One of the couple may have been through a previous separation or the loss of a spouse. They may have children – dependent or adult. They may also have trust or company structures that make their overall asset profile less straightforward from a relationship property perspective than younger couples who are just getting started with their lives together.

In these cases, a COA can give both parties (and their families) clarity about what will happen to their assets if one of them dies, or if they decide to separate.

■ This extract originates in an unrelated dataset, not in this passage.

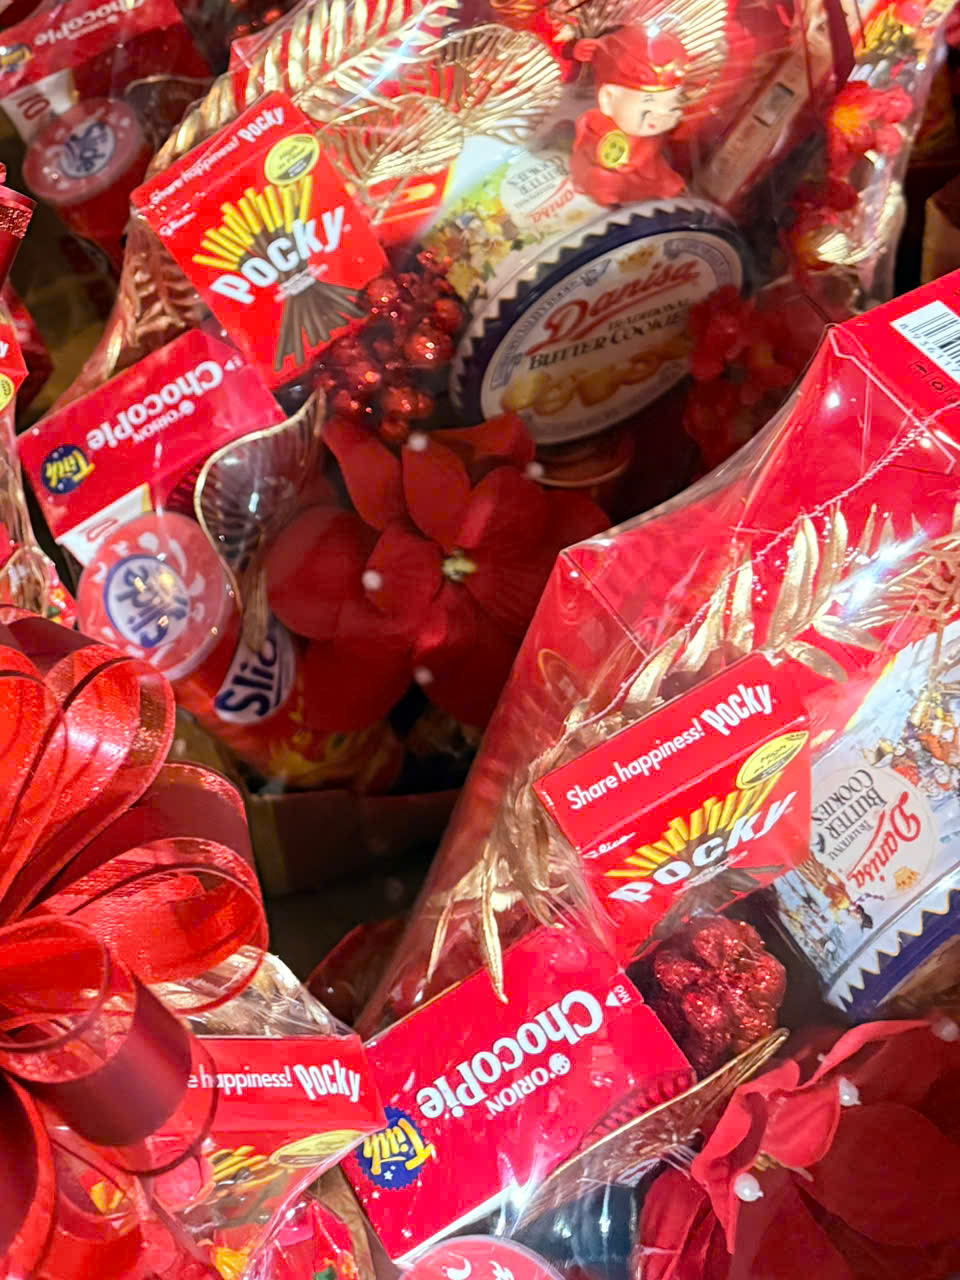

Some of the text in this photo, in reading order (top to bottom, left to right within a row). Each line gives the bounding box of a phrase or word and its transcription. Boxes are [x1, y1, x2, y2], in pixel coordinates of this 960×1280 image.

[566, 777, 619, 811] Share
[614, 718, 705, 783] happiness!
[416, 990, 603, 1119] ChocoPie
[486, 1067, 549, 1116] ORION

A COA is a way of opting out of the default rules as to how the division of property is dealt with under the Property (Relationships) Act 1976 (PRA). Without a COA, the default approach would apply; this generally means that relationship property assets are divided 50:50. An equal split, however, is not always appropriate. In complex cases, parties can end up in protracted court cases trying to figure out how the PRA applies to their particular situation.

While the default rules are a helpful fallback position where people cannot agree how property will be divided, the PRA does not necessarily reflect what all couples would regard as ‘fairness.’ The legislation also does not take account of fact-specific or unusual cases. COAs allow couples to set in place clear and bespoke rules that apply to their particular circumstances, and their specific assets, in the event their relationship or marriage breaks down.

 

 

Opens up discussion

One of the benefits of considering a COA is that it opens up the discussion between a couple as to what they would like to happen to their property, or what they might consider fair, in the event that one of them dies or they separate. Often we find that couples have never had this conversation, but have made assumptions about what will happen or what their partner thinks should happen.

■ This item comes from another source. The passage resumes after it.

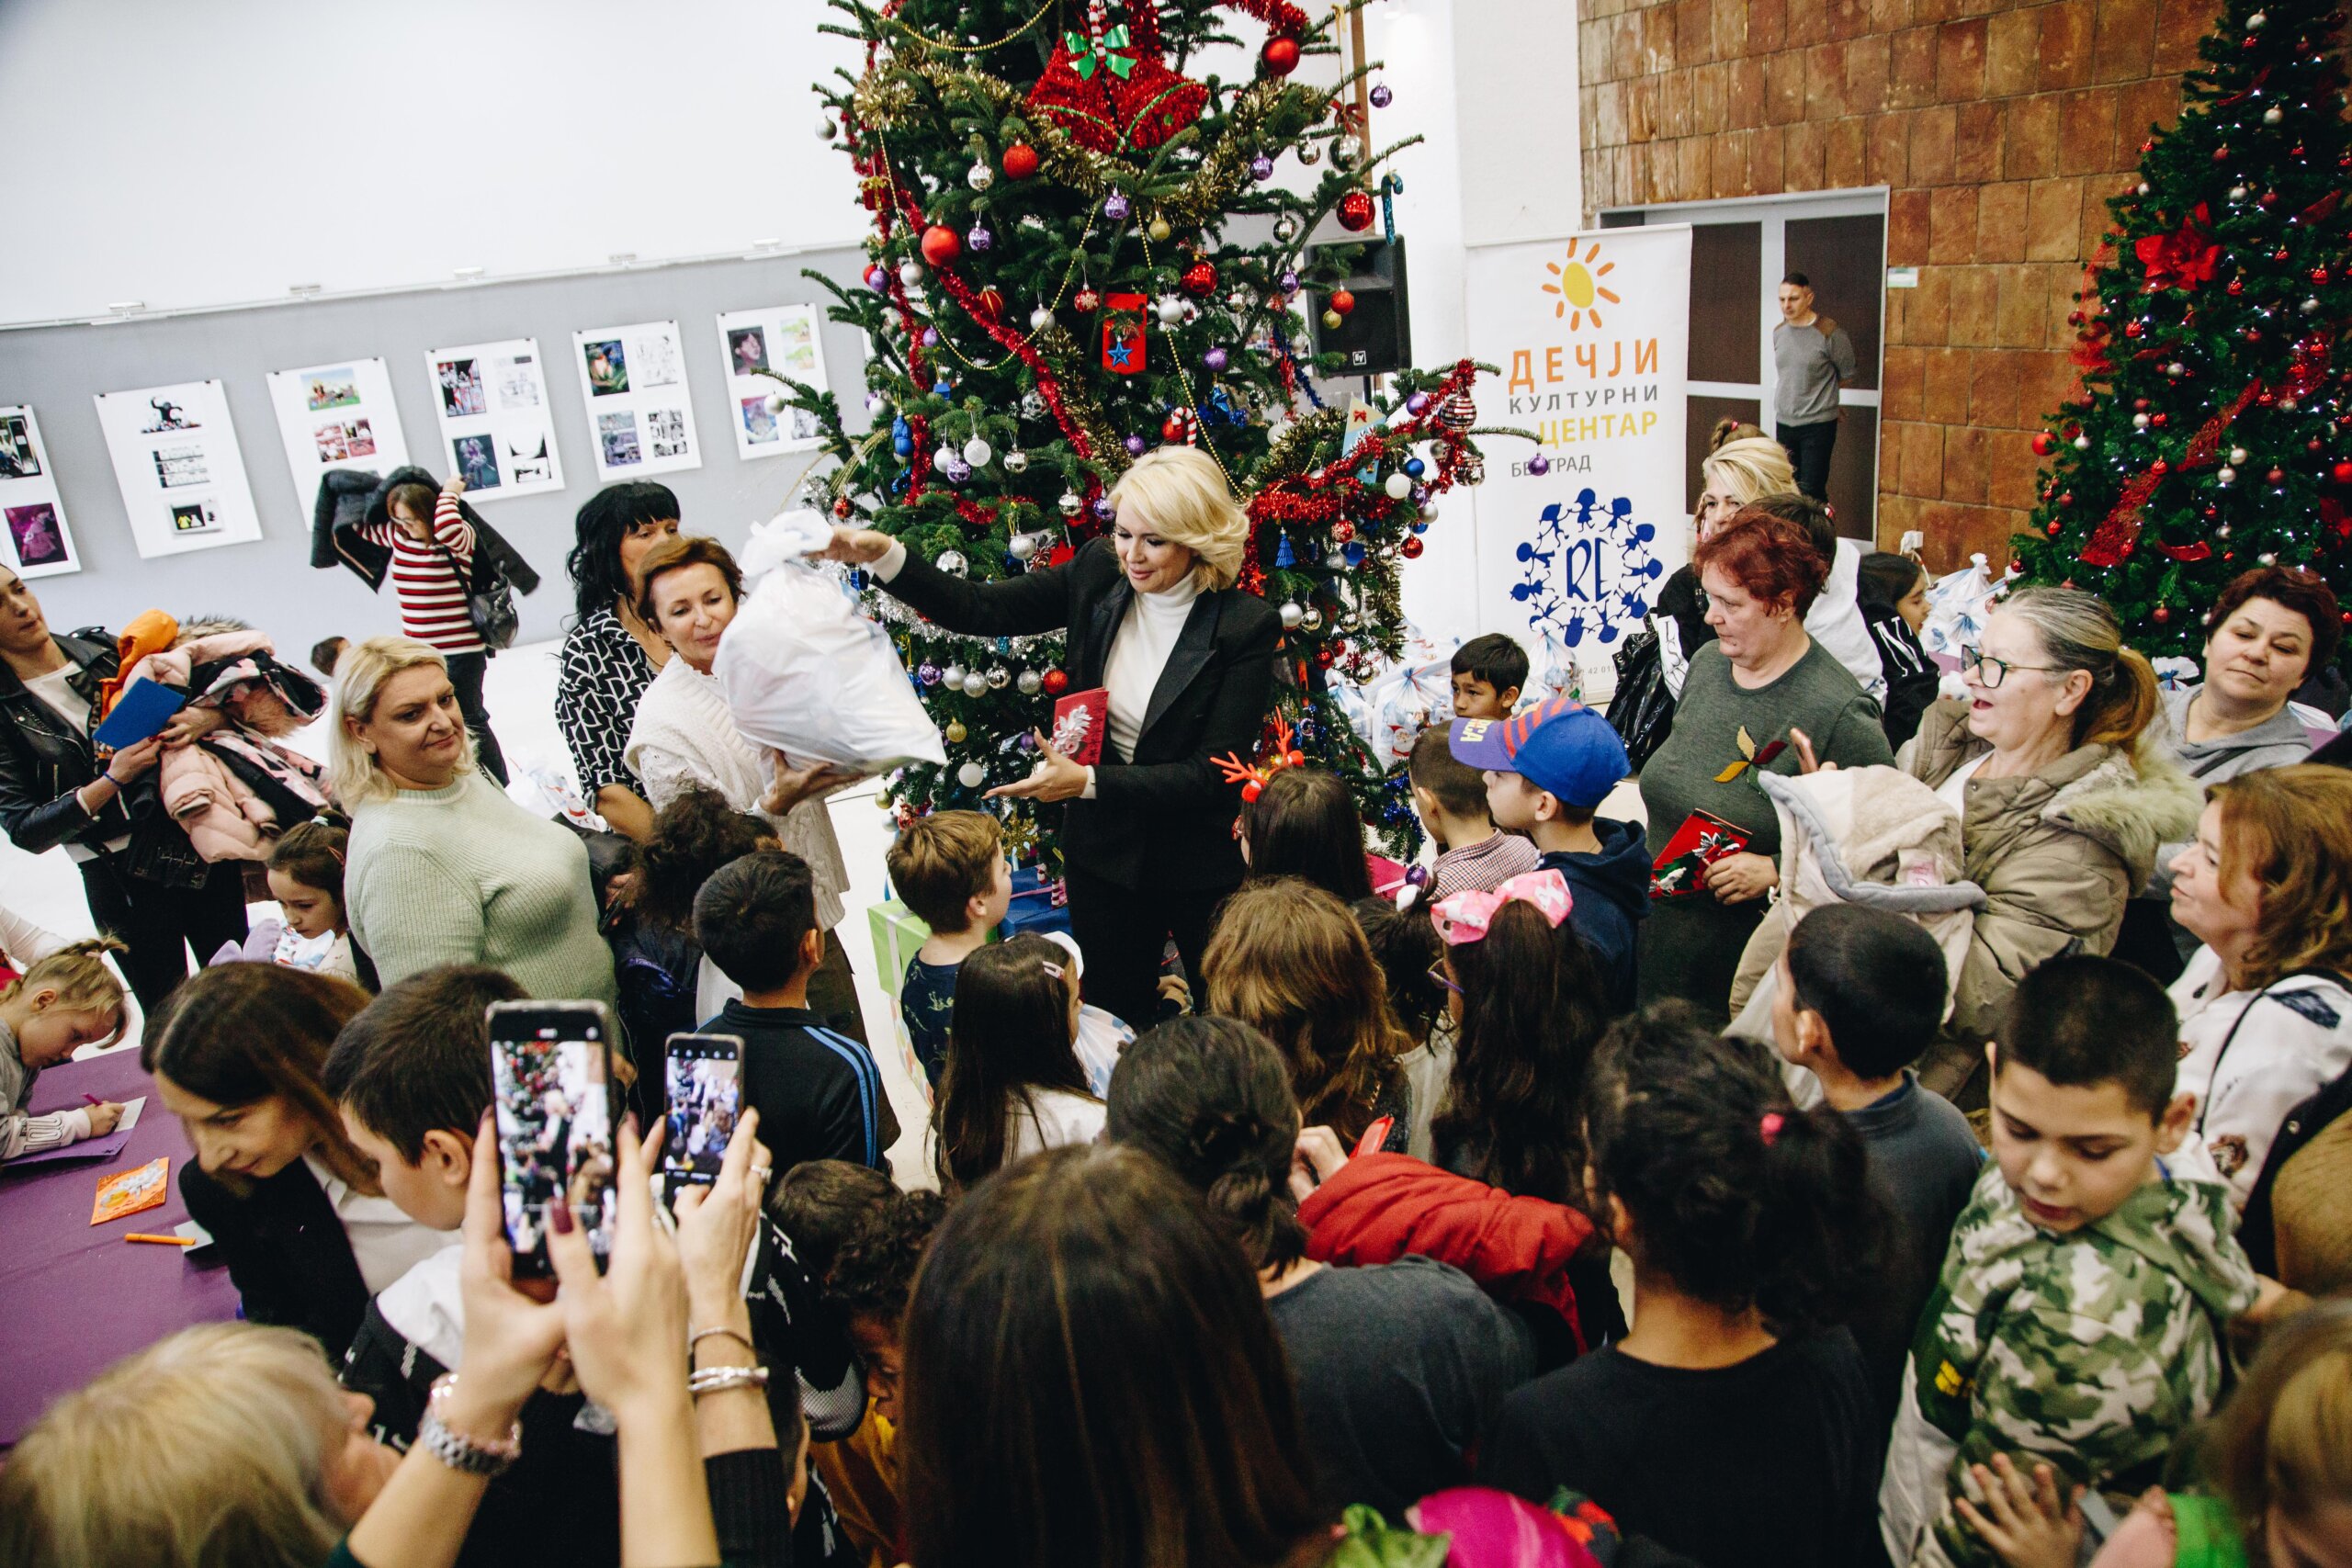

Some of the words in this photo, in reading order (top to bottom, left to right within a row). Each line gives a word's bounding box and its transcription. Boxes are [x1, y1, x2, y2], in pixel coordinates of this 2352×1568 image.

[1509, 338, 1657, 395] ДЕЧЈИ
[1510, 385, 1657, 414] КУЛТУРНИ
[1539, 411, 1657, 449] ЦЕНТАР
[1511, 455, 1591, 478] БЕГРАД

In particular, these assumptions can be harshly tested and shown to be wrong when a partner dies unexpectedly. The surviving partner may find that they have radically different expectations about what will happen compared with the deceased partner’s children and any other parties involved in such an estate.

The same issue can arise if a couple separates. Efforts to resolve relationship property issues may be made in circumstances where the partners’ perceptions of fairness have changed over time. There may have been unequal financial contributions made during the relationship or owing to events, such as infidelity, that have occurred during or which ended the relationship.

 

 

Complex finances

Where a couple has a complex financial situation, including trust and company structures, a COA should be supported by documents between the parties and the trusts or companies, so that no assets fall through the cracks or fail to be taken into consideration. It is important for couples to seek independent advice about the types of documents required, and their effect.

 

 

Review a COA regularly

It is also critical that couples review their COA as life changes. When properties are bought and sold, home improvements funded or other big changes happen, the COA may become out of date and difficult to apply. A new agreement, or an amendment to an existing agreement, can ensure that everyone has clarity about what the changes mean and what their effect will be if there is a death or separation.

A COA can only be enforced if both parties have received independent legal advice and both lawyers certify the agreement. This requirement ensures that both parties are fully informed about the effect of the agreement.

 

 

DISCLAIMER: All the information published in Trust eSpeaking is true and accurate to the best of the authors’ knowledge. It should not be a substitute for legal advice. No liability is assumed by the authors or publisher for losses suffered by any person or organisation relying directly or indirectly on this newsletter. Views expressed are those of individual authors, and do not necessarily reflect the view of Edmonds Judd. Articles appearing in Trust eSpeaking may be reproduced with prior approval from the editor and credit given to the source.
Copyright, NZ LAW Limited, 2022.     Editor: Adrienne Olsen.       E-mail: [email protected].       Ph: 029 286 3650


Over the fence

Service tenancies on the farm

Arrangements where an employer provides housing accommodation to their employees, such as where a farm worker who lives on the farm, are known as ‘service tenancies.’

A service tenancy is governed by the Residential Tenancies Act 1986; it must be recorded with a written agreement. Regardless of whether your tenant pays rent for the property, it is still considered a service tenancy. A tenancy agreement may be incorporated into an employment agreement, however it is beneficial if they are two separate documents.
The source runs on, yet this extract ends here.